Did anyone get the number of that bus that just hit us? If you felt a bit that way when this whole COVID-19 thing started, you were not alone.
With the benefit of a bit of time in the rearview (and some of us earning our e-learning stripes), our viewpoint is beginning to shift from “do what?!?” to “how can I make this better?”
On April 22, 2020, InsideHigherEd published an interesting article on a new survey that asked 826 faculty members and administrators at 641 American colleges and universities how they fared in the recent “forced march” into digital learning.
The results were not surprising.
The major takeaways were:
- (90 percent) engaged in some form of emergency distance/virtual education to conduct or complete the spring term
- Almost two-thirds said they changed “the kinds of assignments or exams” they gave to students
- Nearly half said they lowered their expectations for the amount of work students would be able to do (48 percent)
One of the most interesting aspects of the survey from our perspective was the question “What assistance would be most helpful for faculty” at the time of the survey.
Respondents’ number one answer was “Information on how to best support online students.”
Honorlock just so happened to host a webinar on change management that same week. Here is a link to the recorded webinar if you are interested in learning more about change. Hundreds of people registered and attended, so we know it was a topic that resonated.
Within that webinar, we had curated a list of resources for our attendees on the subject of how to assist learners in the transition.

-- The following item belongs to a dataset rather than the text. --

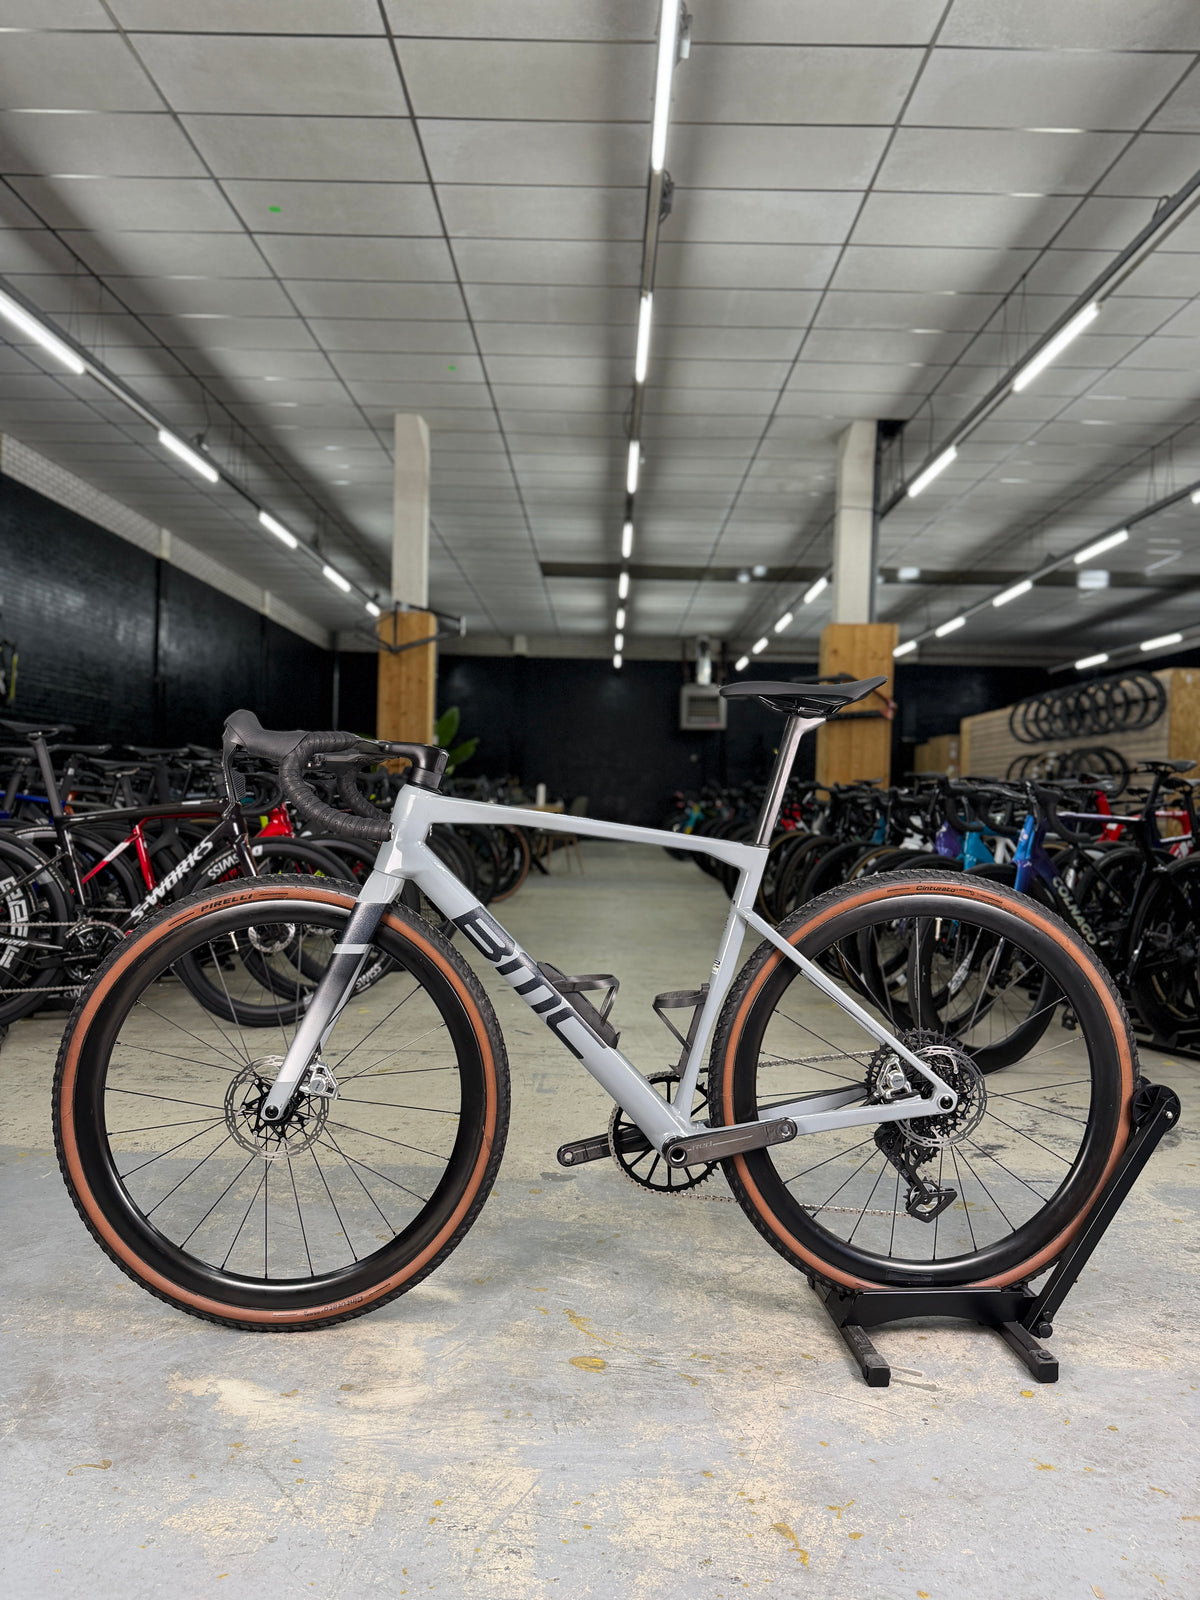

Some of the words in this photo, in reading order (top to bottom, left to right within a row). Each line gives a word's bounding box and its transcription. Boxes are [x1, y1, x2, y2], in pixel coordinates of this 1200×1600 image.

[130, 840, 214, 924] S-WORKS
[200, 893, 253, 912] PIRELLI
[1052, 876, 1097, 945] COLNAGO

We want to take the opportunity to share them in this blog as well. Two of the resources (Rutgers and Michigan) are more of an infographic, while the others were full-blown manuals on how to offer support.
While these are written primarily for their own institutions, there are great tidbits that can be gleaned. Here are the links and a short summary of each of the resources.
This is an overview of how to stay organized and adjust study habits, including a template for helping students set up a schedule that works for them, as well as tips for working in teams.
This handy reference offers tips on how to get online, find WiFi if you don’t have it, and managing your time.
The Boise State University resource is an exhaustive guide to everything from taking care of yourself (including sections for LGBTQ students and those with disabilities) to an outline of various platforms and technologies that can be used to facilitate learning.
Lehigh University includes a short video on the 5 Steps to Online Classes
The San Francisco State version contains how to get help front and center at the top of the guide. Sometimes that information is buried deep in a document, and when students are in a panic, it’s helpful to have those contact numbers front and center.
But back to the survey numbers for just a moment.
Educators were able to adjust not only to a new way of instructional delivery – a herculean feat – but also realized they would need to make dispensations for the amount of work as well as the type of work they assigned to students.
This change was not easy for anyone. Our students were leaving campus for home (if they were one of the lucky ones), figuring out how to participate in learning, juggling space, schedules, and mindset to navigate the pandemic, keeping families safe and perhaps even dealing with food insecurity, the list goes on.
Through it all, you kept the educational fires burning. It may have felt to you like a bit of a dumpster fire at first, but you persevered and whether you realize it or not, you helped your students by modeling behaviors that helped them see “we can get through this together.”
Your number one need from the survey (and Honorlock would concur from our webinar results), was to be of help to your students.
Honorlock can think of no finer commentary on the state of education in the country today.
So, use the resources in this blog, share others you find, and keep on keeping on. Your students need you. We need you.